→ EXERCISE REQUIREMENTS
Output each of the entries exactly, skipping every picture they contain.

→ DATA SHOWN
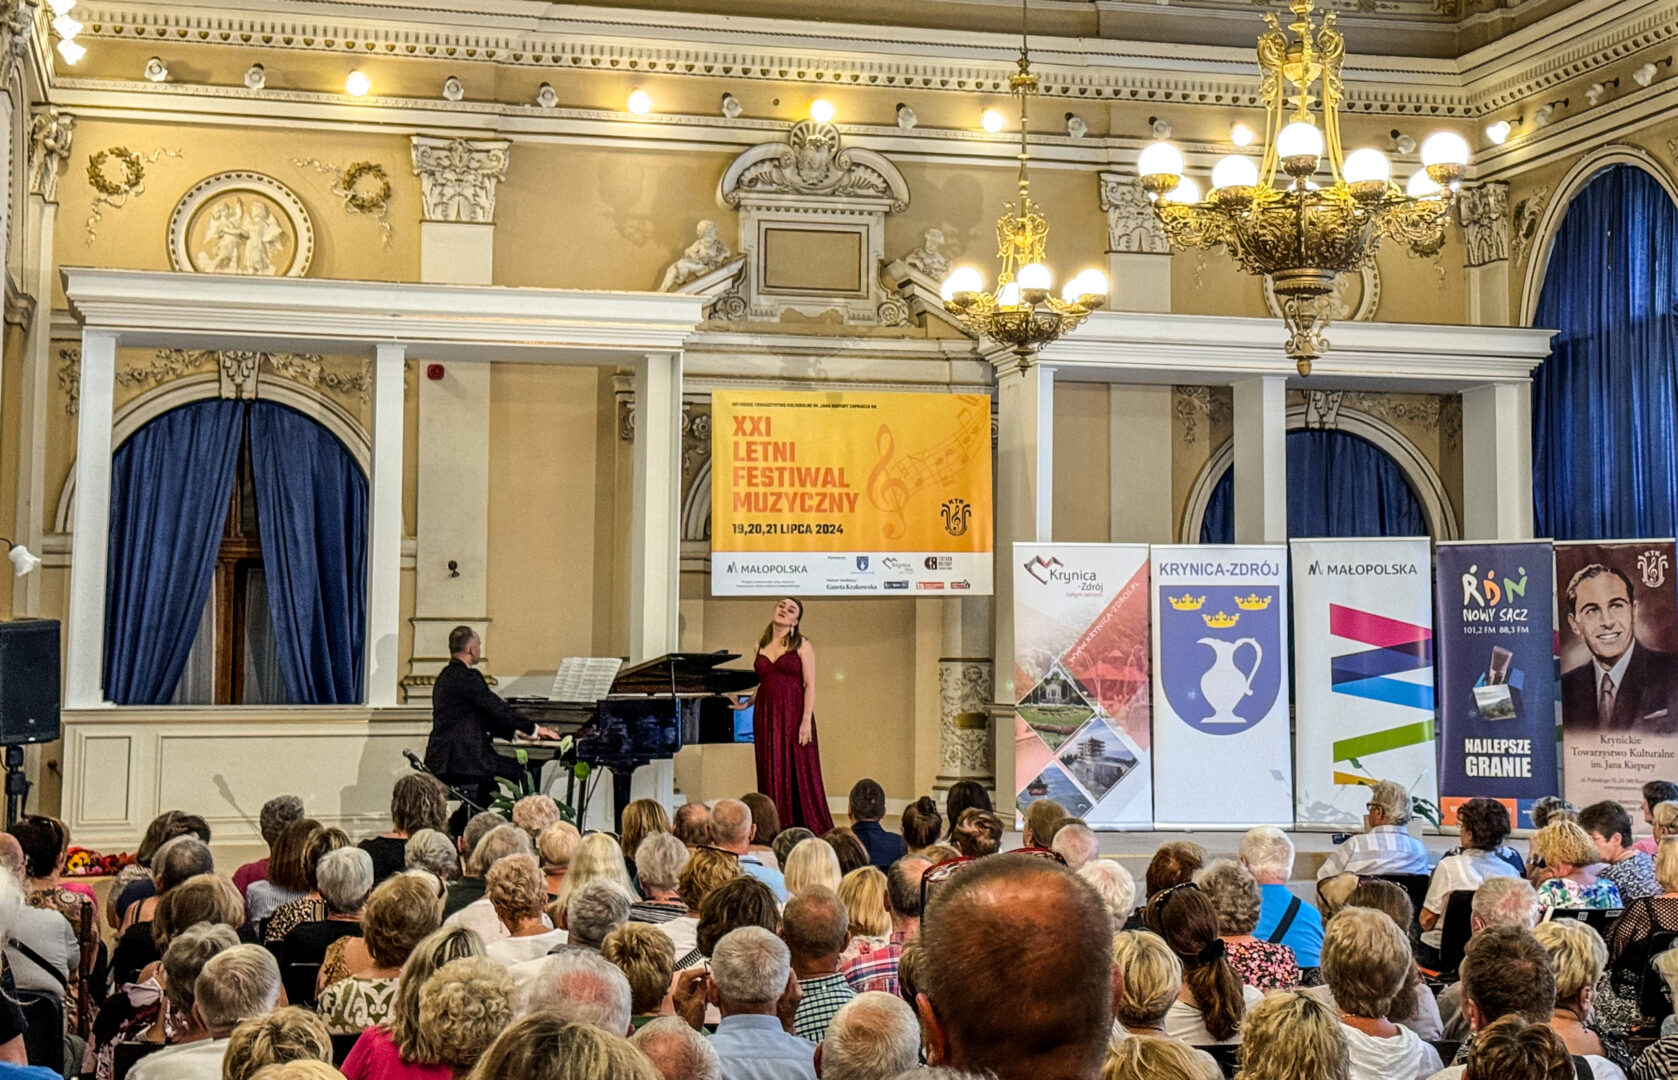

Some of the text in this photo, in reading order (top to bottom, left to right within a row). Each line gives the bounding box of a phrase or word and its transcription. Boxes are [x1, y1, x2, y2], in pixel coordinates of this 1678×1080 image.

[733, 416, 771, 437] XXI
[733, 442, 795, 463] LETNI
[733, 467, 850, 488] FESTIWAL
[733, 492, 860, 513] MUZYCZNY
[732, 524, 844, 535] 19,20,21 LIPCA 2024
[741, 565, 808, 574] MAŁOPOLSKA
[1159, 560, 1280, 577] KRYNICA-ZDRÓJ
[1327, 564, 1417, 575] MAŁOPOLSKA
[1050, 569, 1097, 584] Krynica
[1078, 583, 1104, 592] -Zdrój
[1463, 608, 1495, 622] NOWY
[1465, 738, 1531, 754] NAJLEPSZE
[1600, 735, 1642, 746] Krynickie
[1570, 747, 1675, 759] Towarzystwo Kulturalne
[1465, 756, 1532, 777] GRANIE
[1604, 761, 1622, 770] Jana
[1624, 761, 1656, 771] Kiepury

→ THE ANSWER
Some of the text in this photo, in reading order (top to bottom, left to right within a row). Each line gives the bounding box of a phrase or word and its transcription. Boxes are [x1, y1, x2, y2], in pixel coordinates of this 1678×1080 image.

[733, 416, 771, 437] XXI
[733, 442, 795, 463] LETNI
[733, 467, 850, 488] FESTIWAL
[733, 492, 860, 513] MUZYCZNY
[732, 524, 844, 535] 19,20,21 LIPCA 2024
[741, 565, 808, 574] MAŁOPOLSKA
[1159, 560, 1280, 577] KRYNICA-ZDRÓJ
[1327, 564, 1417, 575] MAŁOPOLSKA
[1050, 569, 1097, 584] Krynica
[1078, 583, 1104, 592] -Zdrój
[1463, 608, 1495, 622] NOWY
[1465, 738, 1531, 754] NAJLEPSZE
[1600, 735, 1642, 746] Krynickie
[1570, 747, 1675, 759] Towarzystwo Kulturalne
[1465, 756, 1532, 777] GRANIE
[1604, 761, 1622, 770] Jana
[1624, 761, 1656, 771] Kiepury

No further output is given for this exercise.